I was about sixteen when I snuck into my mum’s toiletry bag and used her intensely white face powder to cover what I thought was a gigantic pimple somewhere on my usually flawless face. Matched with eyeliner so heavy I might have passed as a raccoon and red lip balm, I looked like a mess.

Did I care that I looked like a mess? No. I felt empowered and confident. These two things are what some women feel when they ‘cake on their makeup’, as critics would say. I still feel empowered and confident when I wear makeup, just as much when I don’t wear it.

I really got into makeup when I was about nineteen and had just gotten my first job as a perfume sales rep. Note: yes, my parents were the type that forbade my siblings and I getting jobs as they thought it would interfere with our studies.

I bought so much stuff at Clinique in the bustling city Myer and felt excited that I had proper high end makeup to wear to work. It was a few weeks after this epic haul that I googled the best way to apply foundation.

My gateway into makeup was actually brushes, not a lipstick or foundation! 

So I went on eBay and bought the ELF flat top brush every beauty blogger was raving about and fell in love with it until the ferrule detached itself from the handle. That was probably my fault since I hadn’t quite investigated proper brush cleansing techniques and completely submerged the brush head and ferrule in water + soap. Excuse me while I facepalm for an hour. Surprisingly, I still have that brush though it’s taped up quite poorly. I don’t use it, I keep it purely for sentimental reasons. From here I jumped onto the Sigma bandwagon and then the Real Techniques one, the latter of which I am still a devoted fan.

Anyway, cue the release of the first Naked palette and I can say with pinpoint accuracy that this was when I went absolutely crazy for eyeshadows. I guess from there my addiction kind of spiralled out of control before it leapt onto the lipstick and blush obsession.

It’s been almost five years and I find myself falling back in love with brushes and kind of neglecting eyeshadow. I’m talking Japanese, handcrafted, uncut, uncoloured, natural bristled brushes. The ones that feel like pillowy clouds gently caressing your face. The ones that are like a gentle breeze on a warm summer’s day. The ones that savagely rip your money from your bank account and make you weep with joy and sadness at the same time.

Ah, makeup, how I love you.

In regards to the claim that wearing makeup is ‘false advertising’, I scoff at it. In fact, I laugh at the accuser’s face. It’s shallow to base your opinions of a person on their appearance when people have so much to offer you and the world.

Why do we wear the clothes we wear? Why cut our hair and shave? Why is it socially acceptable to judge a woman’s merit on how she looks yet complain when she wears ‘too much’ makeup.

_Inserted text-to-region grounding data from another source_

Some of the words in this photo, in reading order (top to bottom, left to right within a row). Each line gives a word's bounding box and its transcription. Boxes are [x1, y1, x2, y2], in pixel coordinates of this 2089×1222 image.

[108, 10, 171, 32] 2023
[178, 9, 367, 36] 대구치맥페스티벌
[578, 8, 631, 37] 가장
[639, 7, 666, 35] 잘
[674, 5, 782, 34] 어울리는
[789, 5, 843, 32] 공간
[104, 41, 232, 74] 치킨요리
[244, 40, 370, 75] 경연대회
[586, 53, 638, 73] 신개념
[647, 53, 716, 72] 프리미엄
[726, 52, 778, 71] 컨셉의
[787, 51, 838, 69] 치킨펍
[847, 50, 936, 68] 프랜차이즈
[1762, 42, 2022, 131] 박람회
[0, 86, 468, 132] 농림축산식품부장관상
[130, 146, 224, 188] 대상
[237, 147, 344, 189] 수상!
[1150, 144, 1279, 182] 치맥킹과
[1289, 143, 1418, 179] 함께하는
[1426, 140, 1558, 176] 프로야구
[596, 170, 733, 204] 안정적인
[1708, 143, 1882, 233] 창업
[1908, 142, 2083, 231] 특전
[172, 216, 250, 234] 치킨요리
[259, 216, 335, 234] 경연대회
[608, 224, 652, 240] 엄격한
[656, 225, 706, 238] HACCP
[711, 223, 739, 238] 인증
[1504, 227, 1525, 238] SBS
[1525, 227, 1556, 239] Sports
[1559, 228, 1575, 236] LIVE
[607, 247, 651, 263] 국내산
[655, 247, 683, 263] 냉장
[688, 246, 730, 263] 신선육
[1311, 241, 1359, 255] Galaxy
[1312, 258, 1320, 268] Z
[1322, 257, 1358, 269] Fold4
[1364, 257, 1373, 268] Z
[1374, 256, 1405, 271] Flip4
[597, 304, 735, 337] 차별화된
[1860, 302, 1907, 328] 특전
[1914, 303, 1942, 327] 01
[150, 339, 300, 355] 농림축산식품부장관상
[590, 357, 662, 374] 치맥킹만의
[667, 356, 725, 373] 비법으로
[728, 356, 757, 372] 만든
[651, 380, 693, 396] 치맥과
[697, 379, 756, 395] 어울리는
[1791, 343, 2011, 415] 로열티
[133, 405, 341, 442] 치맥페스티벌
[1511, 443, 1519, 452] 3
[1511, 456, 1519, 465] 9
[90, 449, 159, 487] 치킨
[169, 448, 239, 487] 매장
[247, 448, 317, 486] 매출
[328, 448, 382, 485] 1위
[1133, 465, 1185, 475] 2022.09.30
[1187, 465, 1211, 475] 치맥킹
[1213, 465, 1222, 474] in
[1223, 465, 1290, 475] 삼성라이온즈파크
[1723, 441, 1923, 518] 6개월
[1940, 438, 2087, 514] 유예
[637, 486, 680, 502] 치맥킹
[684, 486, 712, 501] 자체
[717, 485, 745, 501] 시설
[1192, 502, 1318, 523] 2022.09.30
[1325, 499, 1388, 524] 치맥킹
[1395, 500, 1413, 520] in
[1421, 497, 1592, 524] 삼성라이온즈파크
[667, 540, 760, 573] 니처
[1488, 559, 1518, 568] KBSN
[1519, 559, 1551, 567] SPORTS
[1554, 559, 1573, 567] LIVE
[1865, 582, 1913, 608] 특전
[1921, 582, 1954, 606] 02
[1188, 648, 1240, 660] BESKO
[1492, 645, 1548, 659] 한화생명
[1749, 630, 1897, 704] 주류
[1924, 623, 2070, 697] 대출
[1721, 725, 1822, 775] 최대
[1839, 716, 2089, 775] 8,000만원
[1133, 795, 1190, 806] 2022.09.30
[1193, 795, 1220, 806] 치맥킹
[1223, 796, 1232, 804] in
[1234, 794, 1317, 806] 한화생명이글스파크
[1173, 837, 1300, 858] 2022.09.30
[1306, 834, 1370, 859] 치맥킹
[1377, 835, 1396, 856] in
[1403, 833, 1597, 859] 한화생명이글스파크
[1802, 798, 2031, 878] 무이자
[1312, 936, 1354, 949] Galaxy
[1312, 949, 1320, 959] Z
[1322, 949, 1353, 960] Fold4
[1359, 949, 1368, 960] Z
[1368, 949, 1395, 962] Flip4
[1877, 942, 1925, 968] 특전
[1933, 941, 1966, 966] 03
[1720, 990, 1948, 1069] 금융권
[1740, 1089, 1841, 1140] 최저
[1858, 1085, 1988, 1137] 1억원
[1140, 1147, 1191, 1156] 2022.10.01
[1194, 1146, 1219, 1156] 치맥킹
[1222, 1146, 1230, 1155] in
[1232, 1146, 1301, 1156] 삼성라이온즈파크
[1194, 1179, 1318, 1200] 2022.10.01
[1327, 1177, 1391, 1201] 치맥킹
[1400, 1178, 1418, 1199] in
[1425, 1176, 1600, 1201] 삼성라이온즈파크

There are so many other things to worry about, yet here we are, bashing people for how they look and criticising people for not fitting into our standardised idea of beauty. It’s taken me years to finally be comfortable in my own skin and I don’t want to share images of myself only to be brutally critiqued by others for not adhering to their ideals.

When a woman bares her face to the world, people exclaim that she looks ill, yet when she wears makeup they curse her for trying to hide who she truly is and that she’s wearing it to impress men.

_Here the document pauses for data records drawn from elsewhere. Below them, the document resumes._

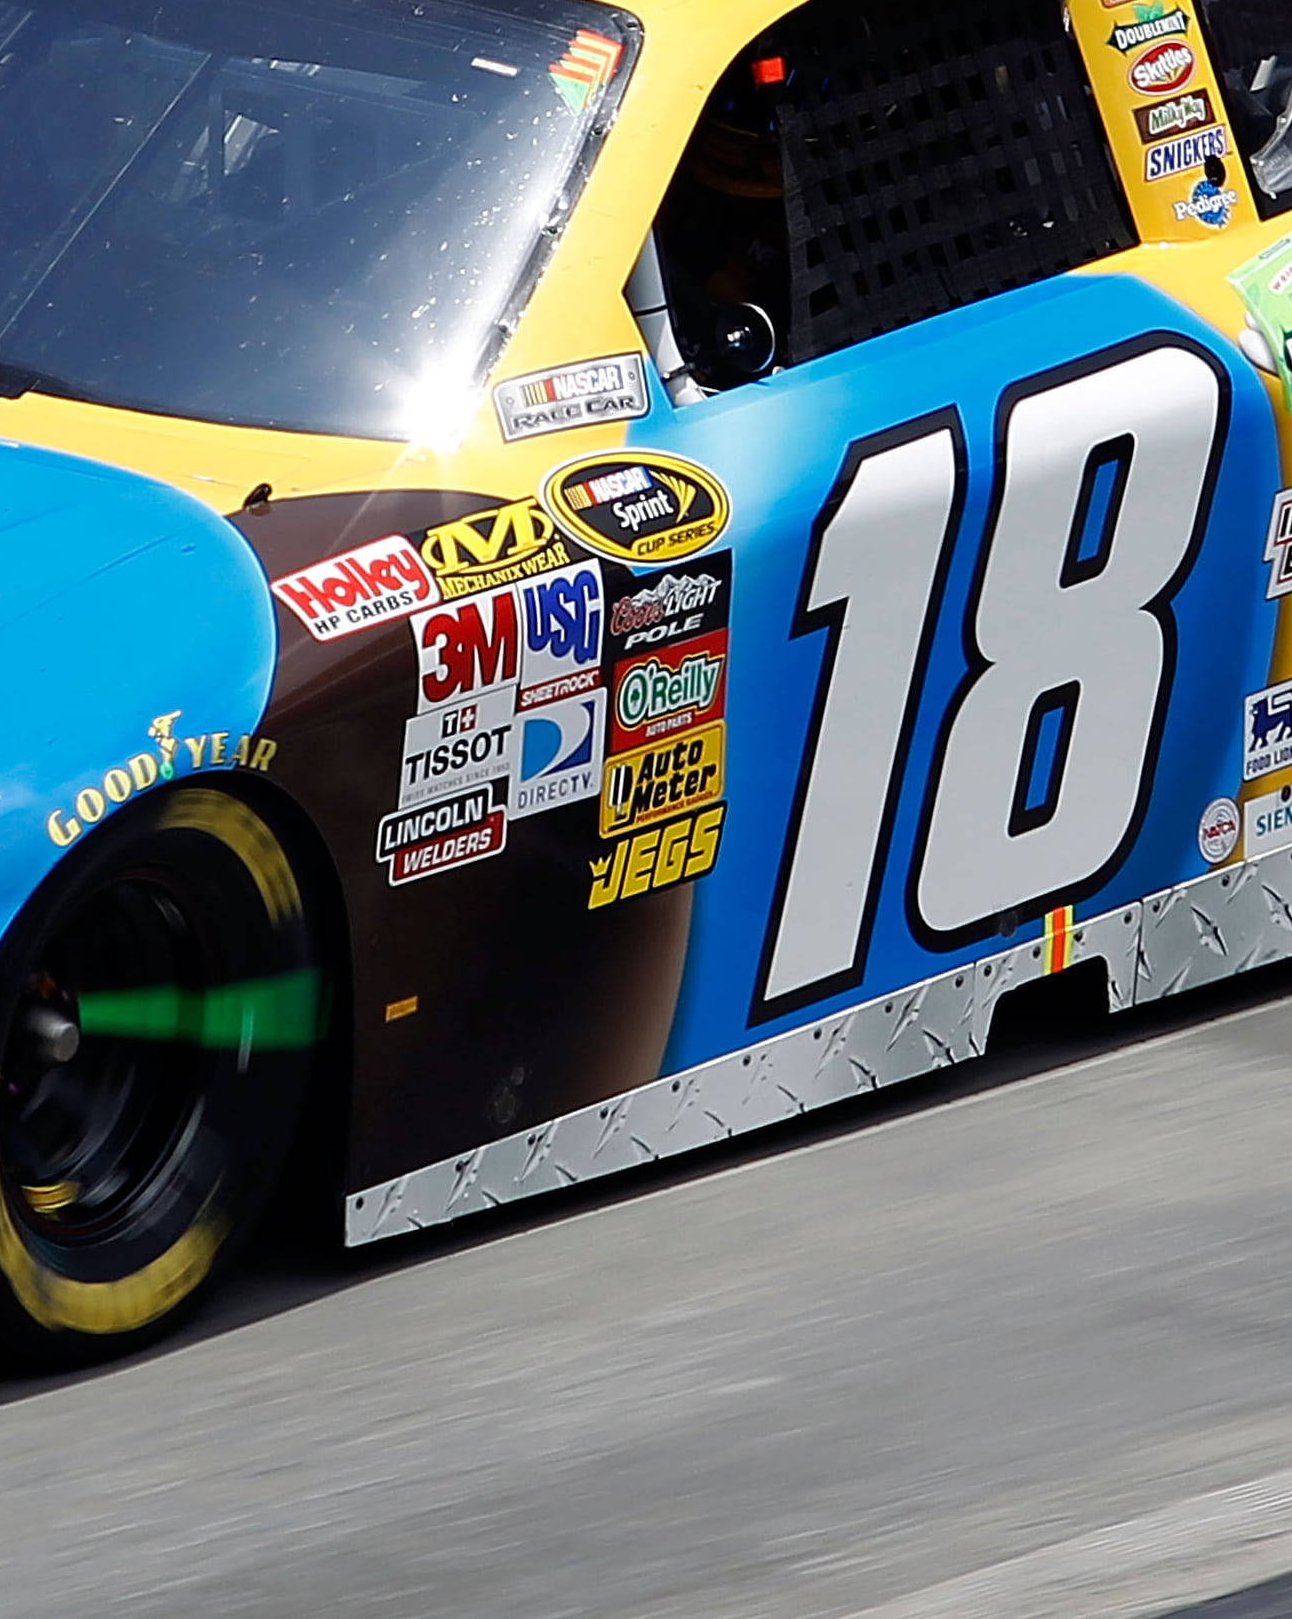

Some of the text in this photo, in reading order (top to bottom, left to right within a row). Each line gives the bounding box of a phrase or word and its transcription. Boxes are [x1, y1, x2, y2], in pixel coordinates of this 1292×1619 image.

[1115, 11, 1188, 50] DOUBLEMINT
[1134, 47, 1193, 88] Skittles
[1149, 128, 1225, 178] SNICKERS
[1174, 190, 1238, 221] Pedigree
[555, 364, 623, 401] NASCAR
[513, 394, 636, 429] RACE CAR
[588, 465, 650, 504] NASCAR
[613, 490, 675, 531] Sprint
[637, 522, 716, 556] CUP SERIES
[278, 548, 431, 619] Holley
[437, 541, 570, 600] MECHANIX WEAR
[314, 590, 414, 635] HP CARBS
[523, 569, 602, 665] USG
[610, 579, 723, 636] Coors LIGHT
[421, 595, 519, 703] 3M
[623, 613, 704, 651] POLE
[520, 669, 600, 708] SHEETROCK
[619, 655, 723, 728] O'Reilly
[754, 337, 1225, 1014] 18
[405, 724, 512, 786] TISSOT
[637, 739, 705, 785] Auto
[1247, 755, 1272, 776] FOOD
[517, 772, 593, 810] DIRECTV
[633, 764, 717, 814] Meter
[385, 795, 484, 851] LINCOLN
[402, 827, 493, 874] WELDERS
[588, 805, 724, 910] JEGS

How deluded can a mind be that they believe women wear makeup only for men? How ridiculous.

I don’t wear red lipstick to seduce a man. I wear it to make my teeth look whiter. And also if I’m too lazy to wear eyeshadow. 

So, why do I wear makeup?

I suppose the easy answer is because I’m a grown woman that simply likes it. The process of makeup application is relaxing for me and allows me to channel my creativity in a temporary way.

At first I wore makeup to hide my imperfections– acne, redness, you name it, I probably had it. However, as time went by and my confidence grew, I realised that makeup was a tool to help me express myself. It was something that I could spend hours on and laugh at how silly I’d done my eyeliner or how that one shade of red actually made my teeth look yellower than it is.

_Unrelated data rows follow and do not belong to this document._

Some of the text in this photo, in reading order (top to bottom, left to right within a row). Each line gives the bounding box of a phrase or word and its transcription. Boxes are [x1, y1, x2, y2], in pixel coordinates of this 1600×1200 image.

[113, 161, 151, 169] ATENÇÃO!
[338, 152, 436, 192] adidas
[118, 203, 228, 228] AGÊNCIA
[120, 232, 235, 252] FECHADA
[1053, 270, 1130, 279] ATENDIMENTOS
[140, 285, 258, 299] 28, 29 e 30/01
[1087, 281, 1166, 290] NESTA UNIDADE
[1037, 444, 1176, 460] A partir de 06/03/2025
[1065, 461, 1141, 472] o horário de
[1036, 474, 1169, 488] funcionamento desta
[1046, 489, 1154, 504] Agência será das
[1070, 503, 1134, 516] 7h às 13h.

I’ve learnt that at the end of the day you can wipe of all your makeup, but it takes years to change one’s mindset and self-righteous attitude.

What was the first makeup item you bought? What do you think about the whole makeup is false advertising topic?

Let’s chat in the comments!


PS. I have a hair product review coming up in the next few days. Yay.


Add yours →

  1. Interesting story. I bought my first makeup in a batch. I got basic makeup, skincare, and brushes from Make Up Store. I use makeup as artform – to express myself.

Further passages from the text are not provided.